== EXTRACTED RECORDS

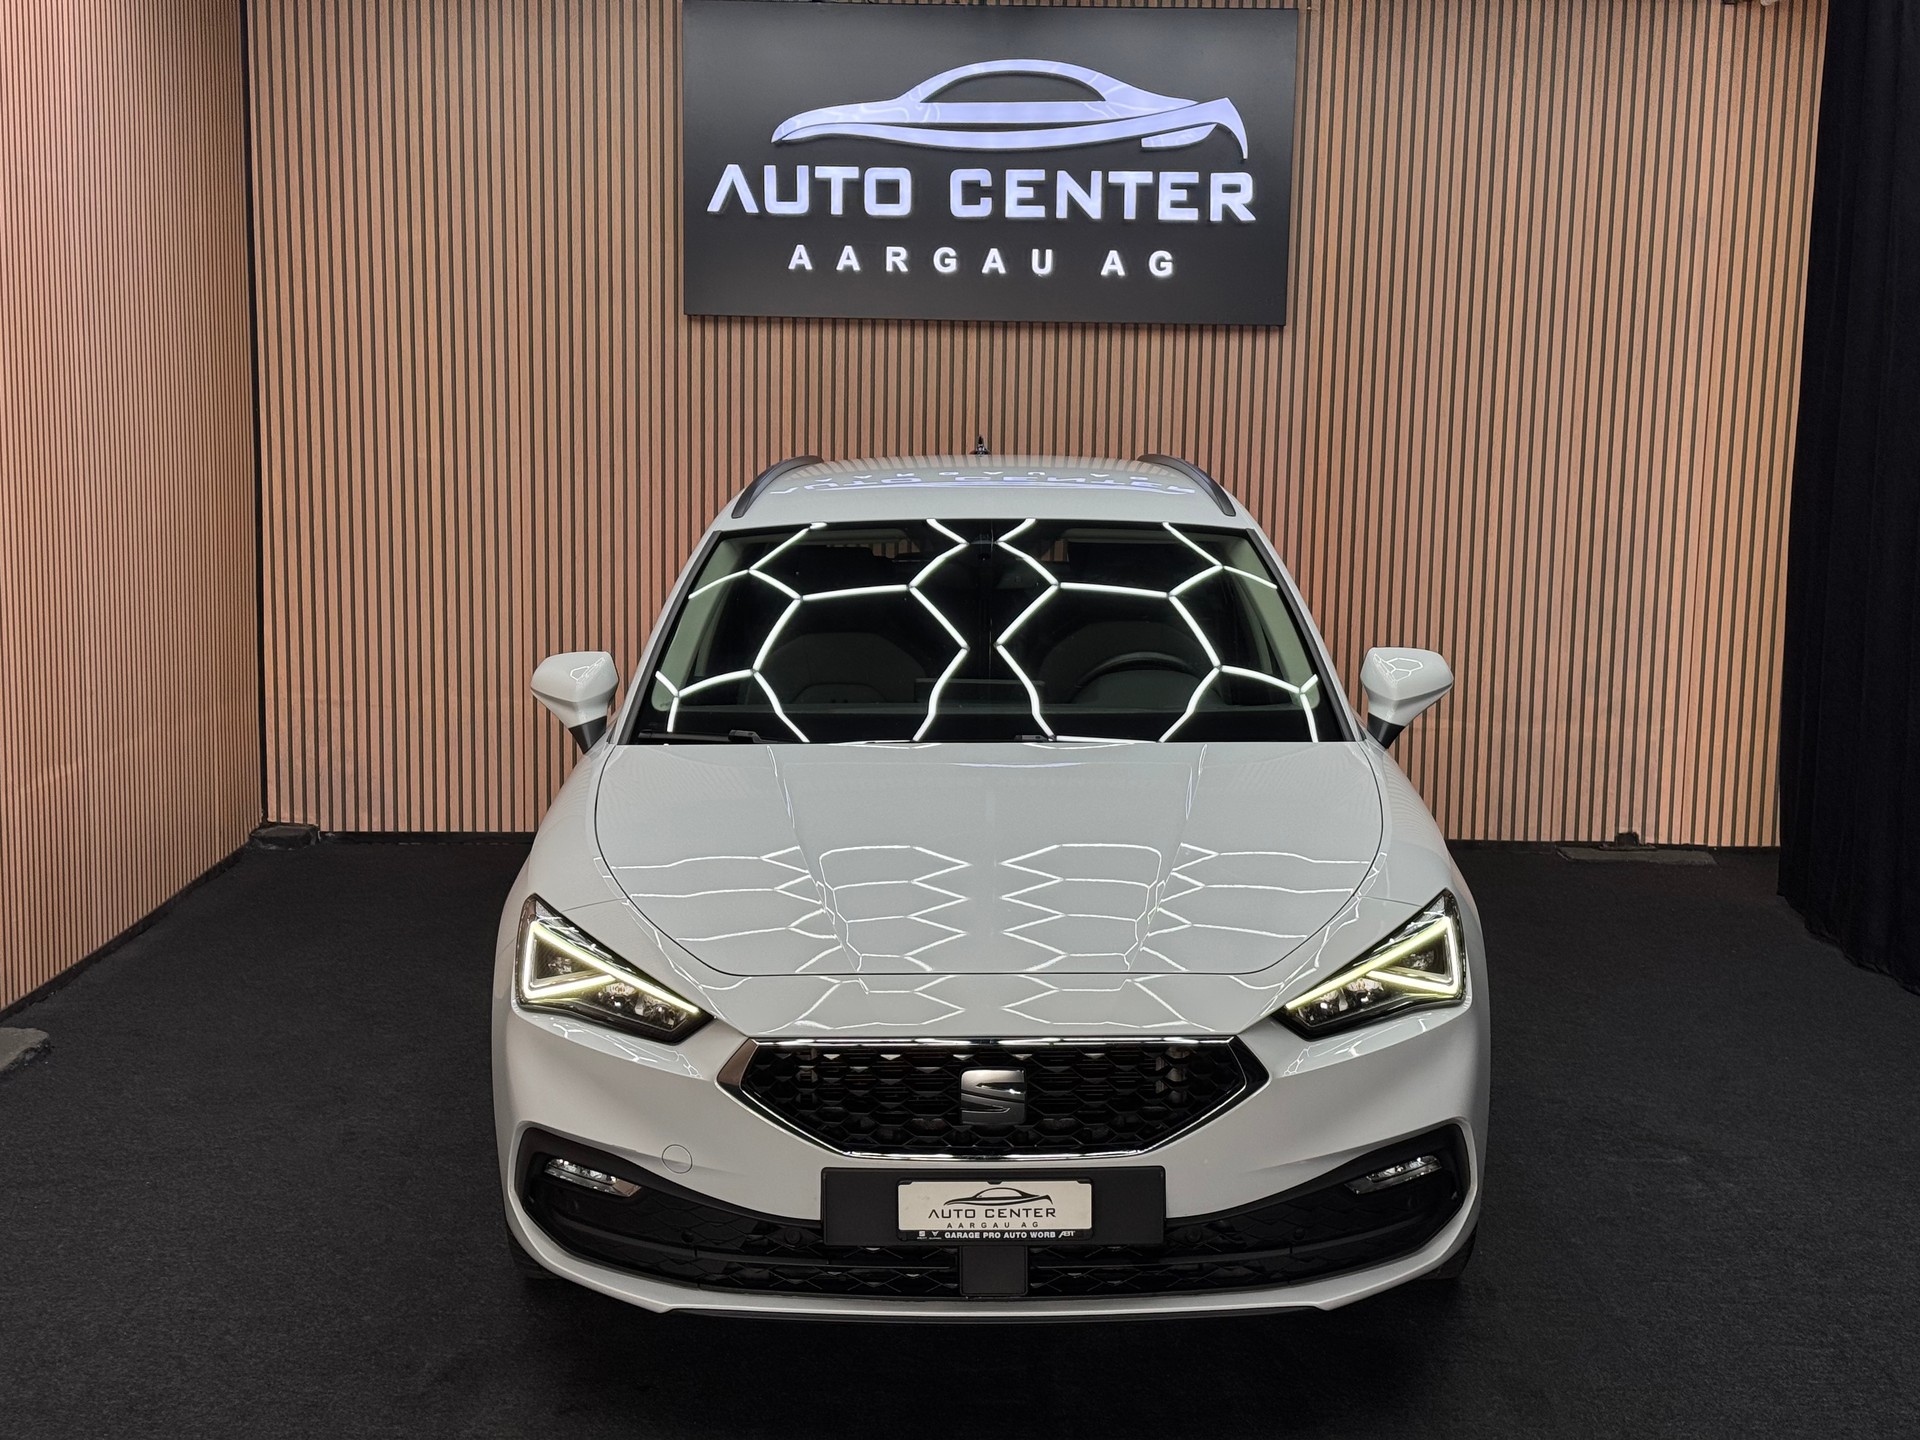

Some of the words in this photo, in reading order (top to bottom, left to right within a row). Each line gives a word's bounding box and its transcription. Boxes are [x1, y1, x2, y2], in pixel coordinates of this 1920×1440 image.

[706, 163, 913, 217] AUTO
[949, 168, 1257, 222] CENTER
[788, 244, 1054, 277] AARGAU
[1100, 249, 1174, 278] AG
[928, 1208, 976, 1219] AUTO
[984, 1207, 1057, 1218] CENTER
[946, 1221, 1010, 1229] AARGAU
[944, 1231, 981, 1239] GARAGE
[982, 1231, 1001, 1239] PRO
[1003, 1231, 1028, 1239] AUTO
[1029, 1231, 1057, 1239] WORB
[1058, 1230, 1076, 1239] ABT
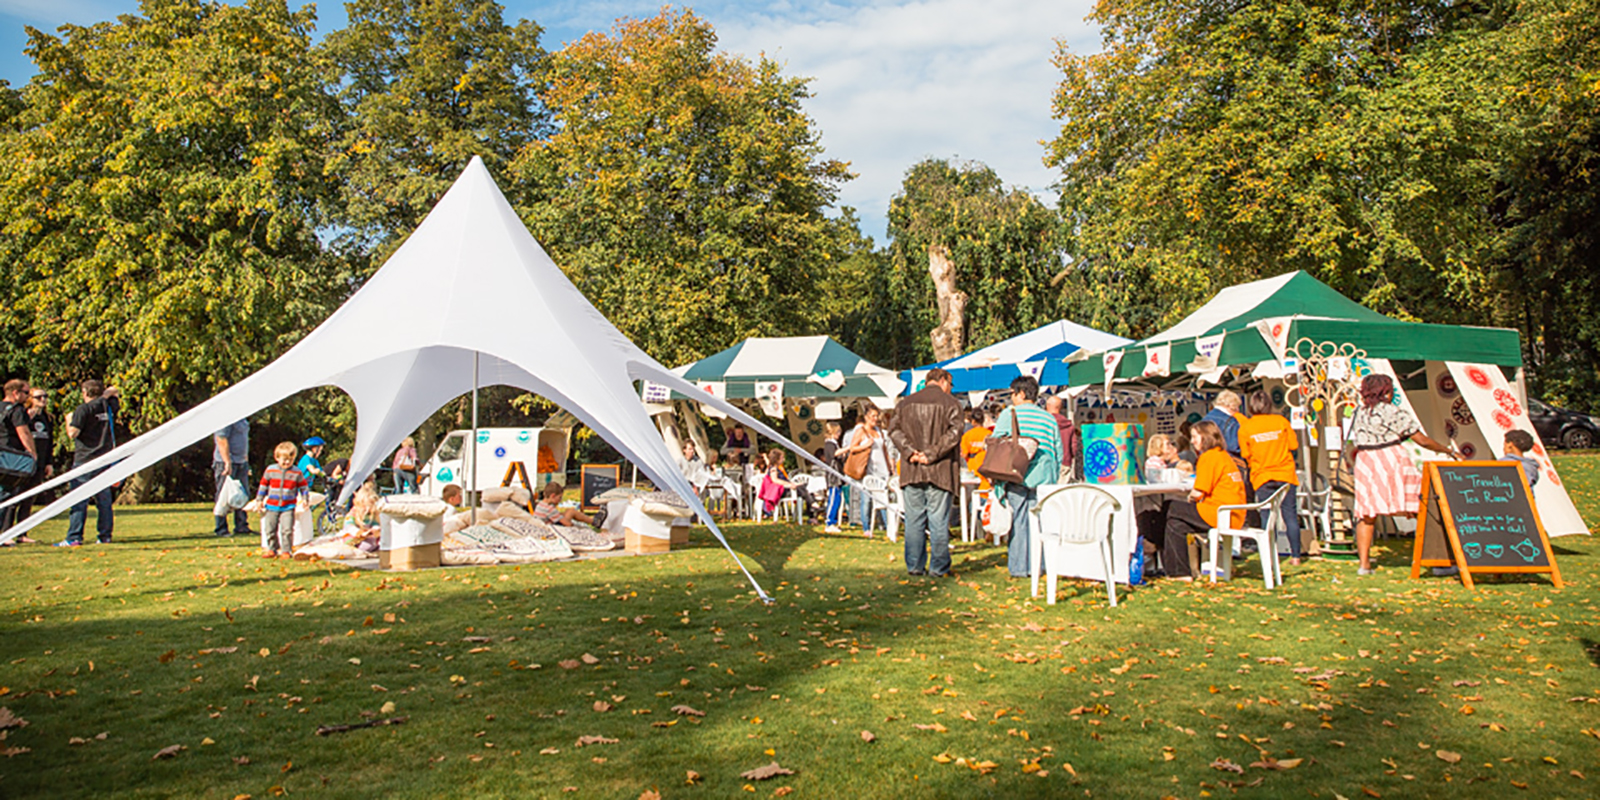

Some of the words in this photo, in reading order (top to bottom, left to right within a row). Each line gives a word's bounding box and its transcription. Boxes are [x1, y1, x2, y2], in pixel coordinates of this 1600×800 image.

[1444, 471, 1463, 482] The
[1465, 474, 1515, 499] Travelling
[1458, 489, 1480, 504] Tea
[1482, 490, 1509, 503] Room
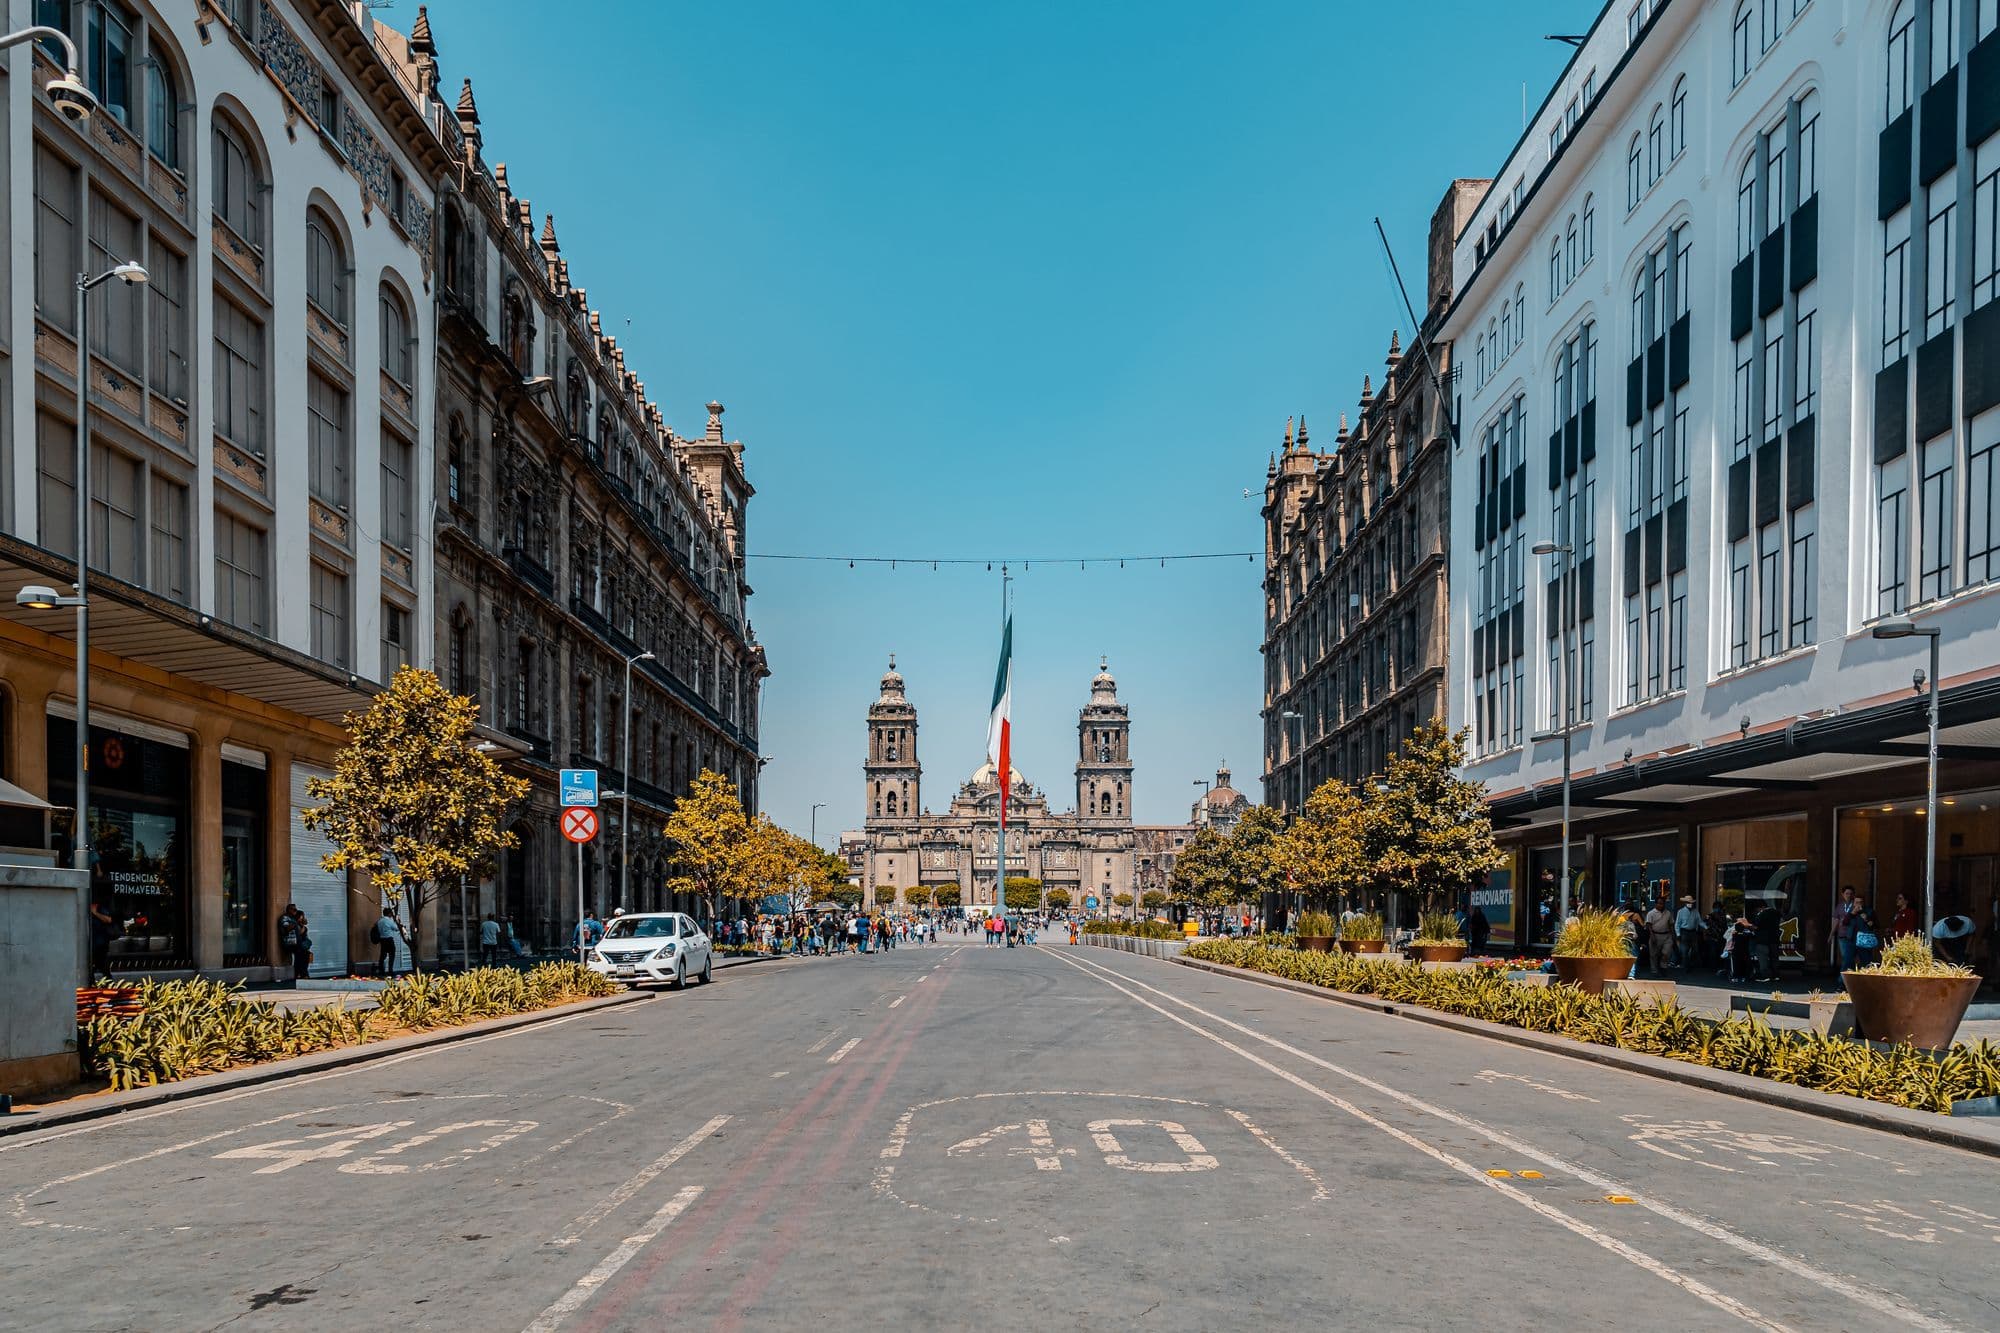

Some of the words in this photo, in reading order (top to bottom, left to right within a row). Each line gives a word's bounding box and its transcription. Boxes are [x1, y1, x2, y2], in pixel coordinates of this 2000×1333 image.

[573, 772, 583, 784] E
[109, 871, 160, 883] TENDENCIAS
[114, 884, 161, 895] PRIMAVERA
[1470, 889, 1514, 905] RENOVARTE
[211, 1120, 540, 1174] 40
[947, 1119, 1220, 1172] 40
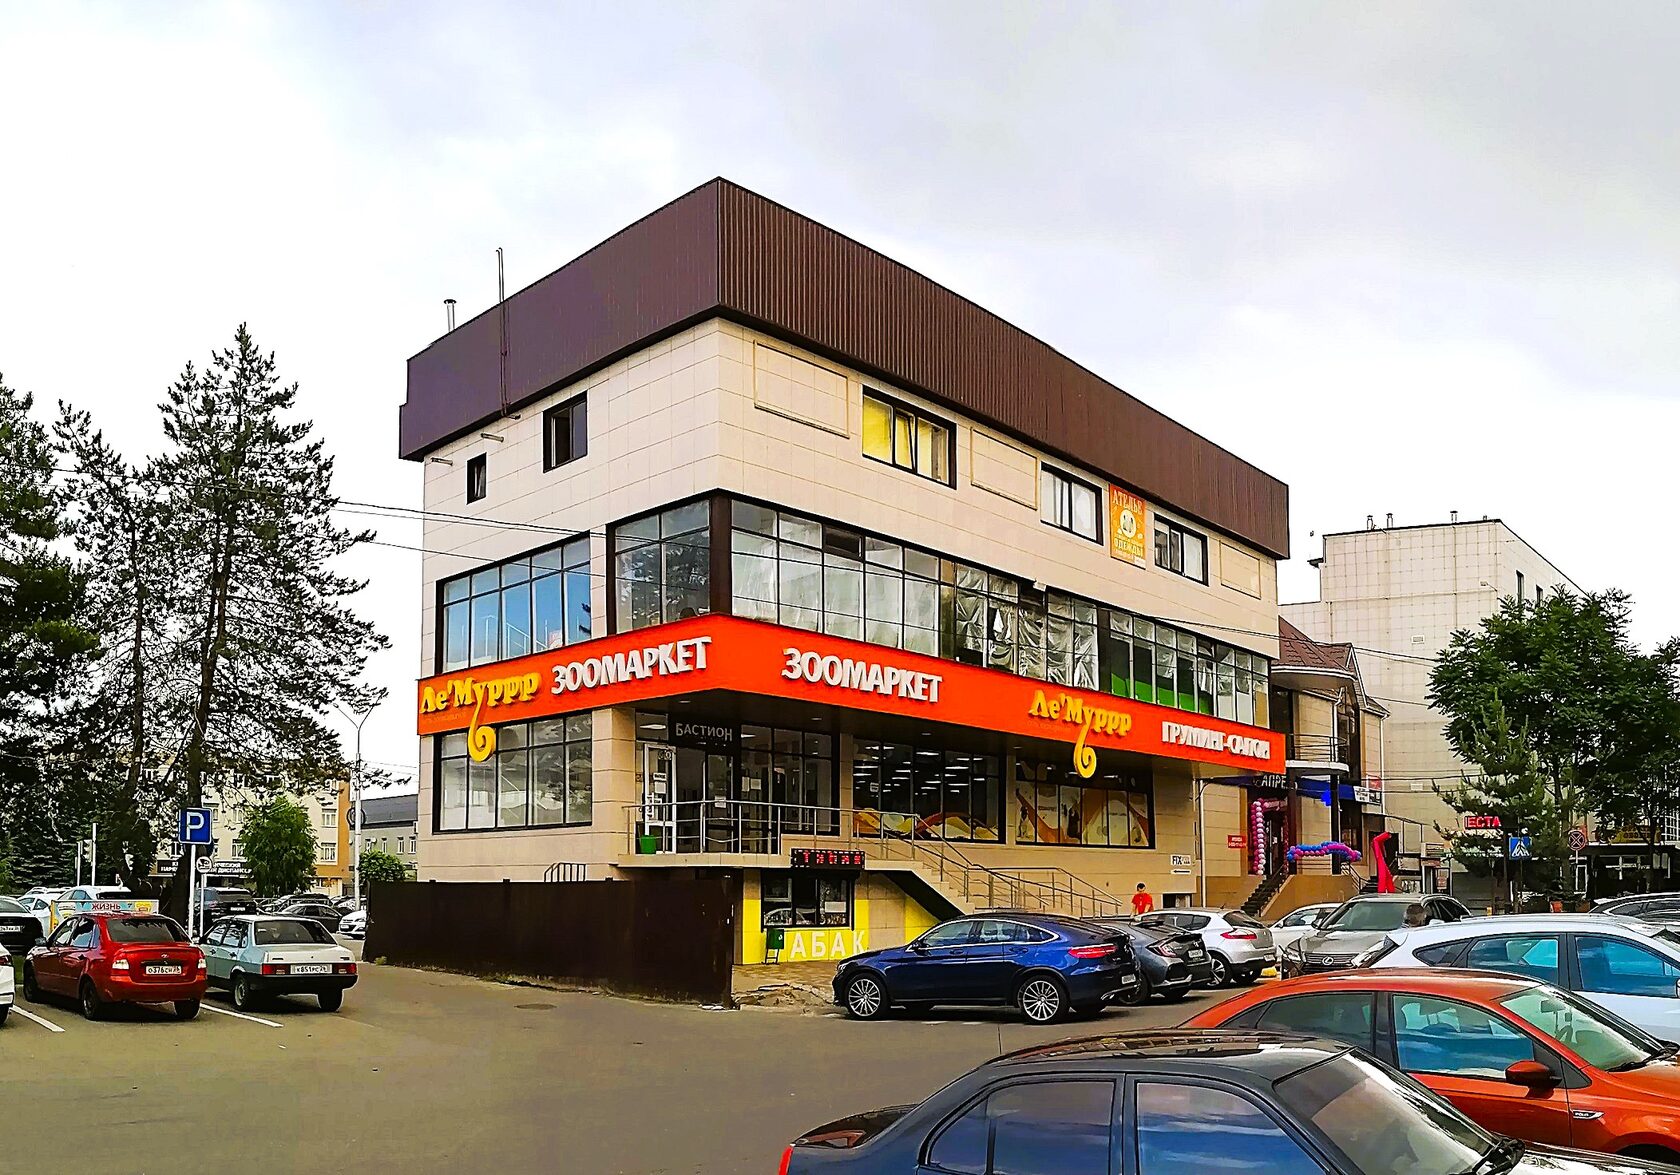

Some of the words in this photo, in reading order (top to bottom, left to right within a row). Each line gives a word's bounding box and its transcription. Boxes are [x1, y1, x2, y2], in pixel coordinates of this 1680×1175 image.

====

**TASK DETAILS:**
Take the line containing "this 2000×1333 image." and every line after it up to the end of the data, and write them out exactly, without the pictures.

**ANSWER AREA:**
Some of the words in this photo, in reading order (top to bottom, left to right within a row). Each line gives a word's bounding box and its transcription. Boxes are [x1, y1, x2, y2], in pixel coordinates of this 2000×1333 image.

[573, 772, 583, 784] E
[109, 871, 160, 883] TENDENCIAS
[114, 884, 161, 895] PRIMAVERA
[1470, 889, 1514, 905] RENOVARTE
[211, 1120, 540, 1174] 40
[947, 1119, 1220, 1172] 40

Some of the words in this photo, in reading order (top to bottom, left to right within a row). Each line gives a word's bounding box and its transcription. Boxes are [x1, y1, x2, y2], in pixel coordinates of this 1680×1175 image.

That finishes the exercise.